Problem details
Each entry is to be retyped exactly as it appears. Leave the images out.

Input
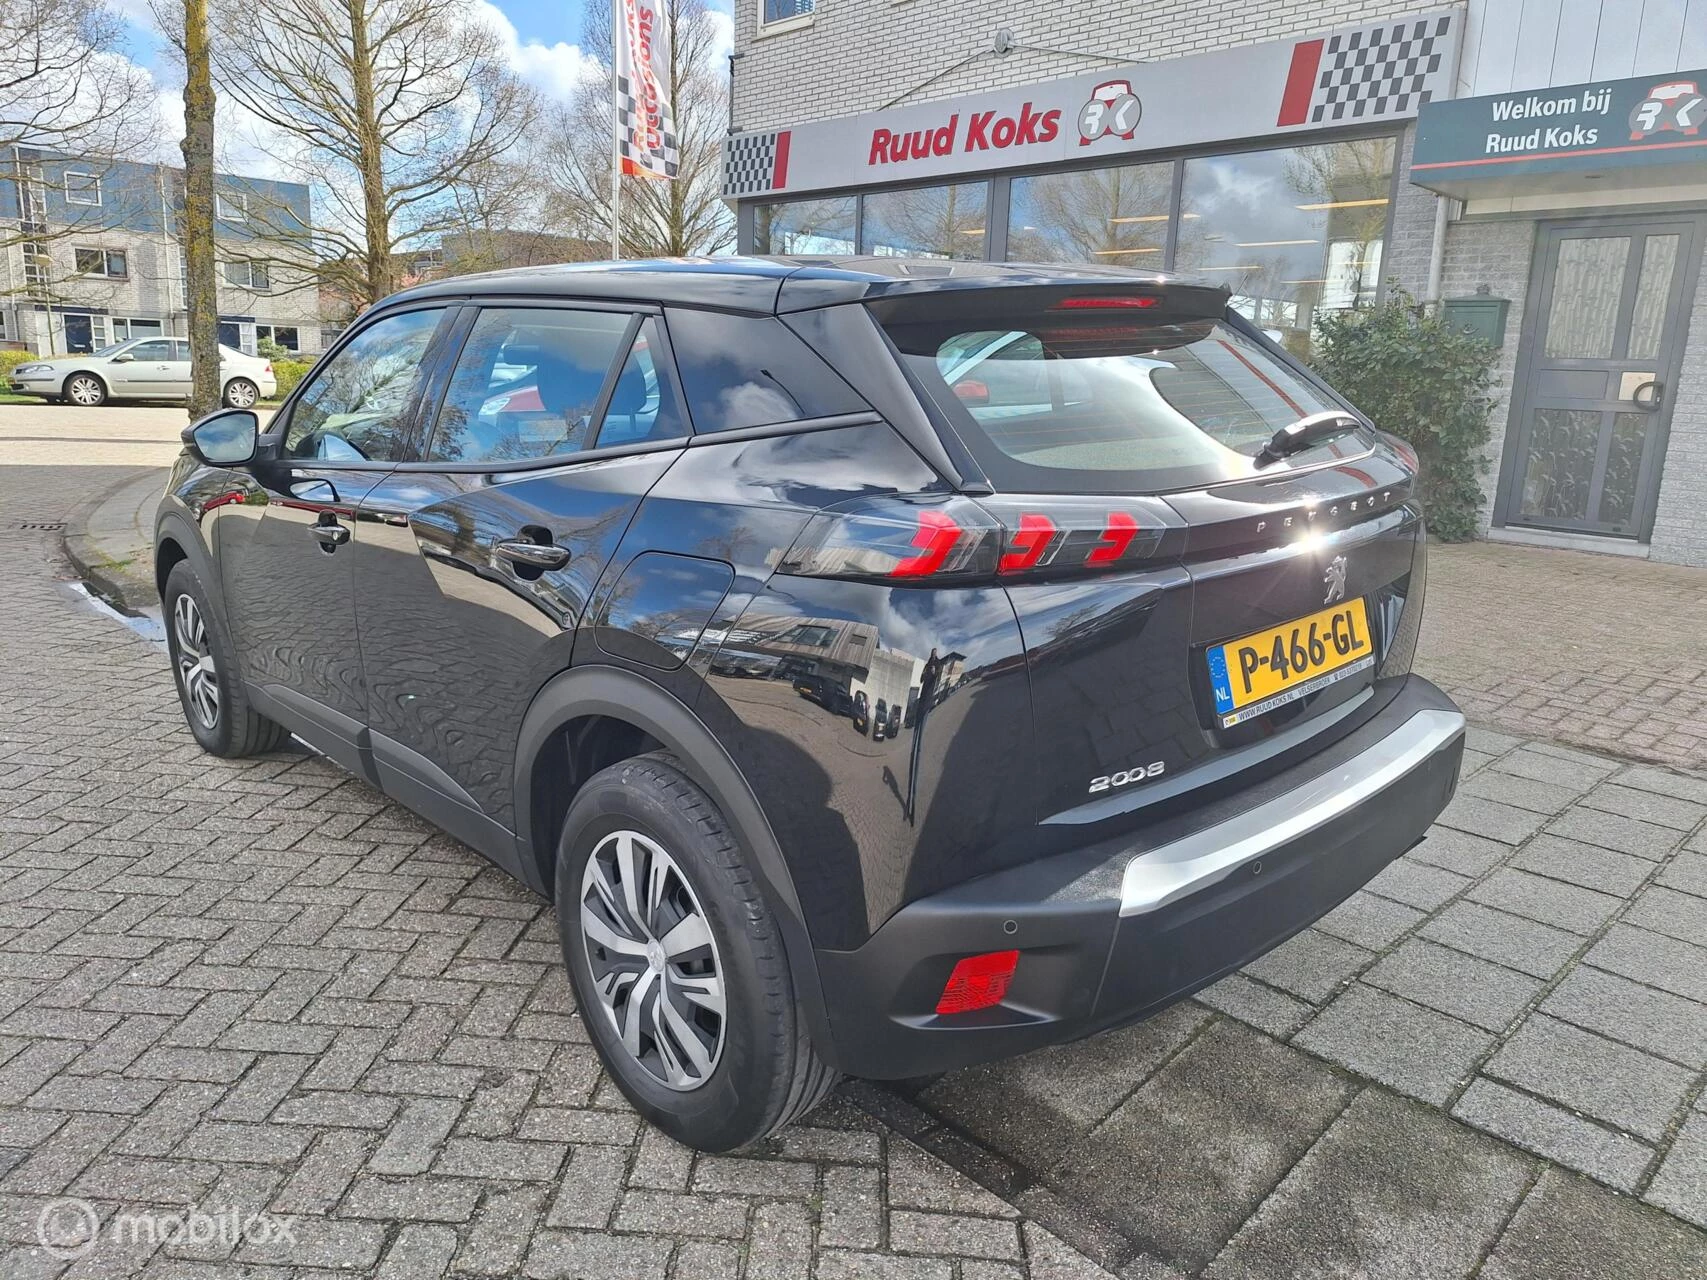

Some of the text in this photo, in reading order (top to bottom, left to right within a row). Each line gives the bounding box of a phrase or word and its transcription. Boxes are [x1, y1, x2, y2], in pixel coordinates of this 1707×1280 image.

[1492, 88, 1613, 122] Welkom bij
[868, 102, 1062, 166] Ruud Koks
[1485, 124, 1599, 153] Ruud Koks
[1238, 610, 1364, 694] P-466-GL
[1215, 686, 1230, 703] NL
[1088, 760, 1165, 794] 2008

Response area
Some of the text in this photo, in reading order (top to bottom, left to right within a row). Each line gives the bounding box of a phrase or word and its transcription. Boxes are [x1, y1, x2, y2], in pixel coordinates of this 1707×1280 image.

[1492, 88, 1613, 122] Welkom bij
[868, 102, 1062, 166] Ruud Koks
[1485, 124, 1599, 153] Ruud Koks
[1238, 610, 1364, 694] P-466-GL
[1215, 686, 1230, 703] NL
[1088, 760, 1165, 794] 2008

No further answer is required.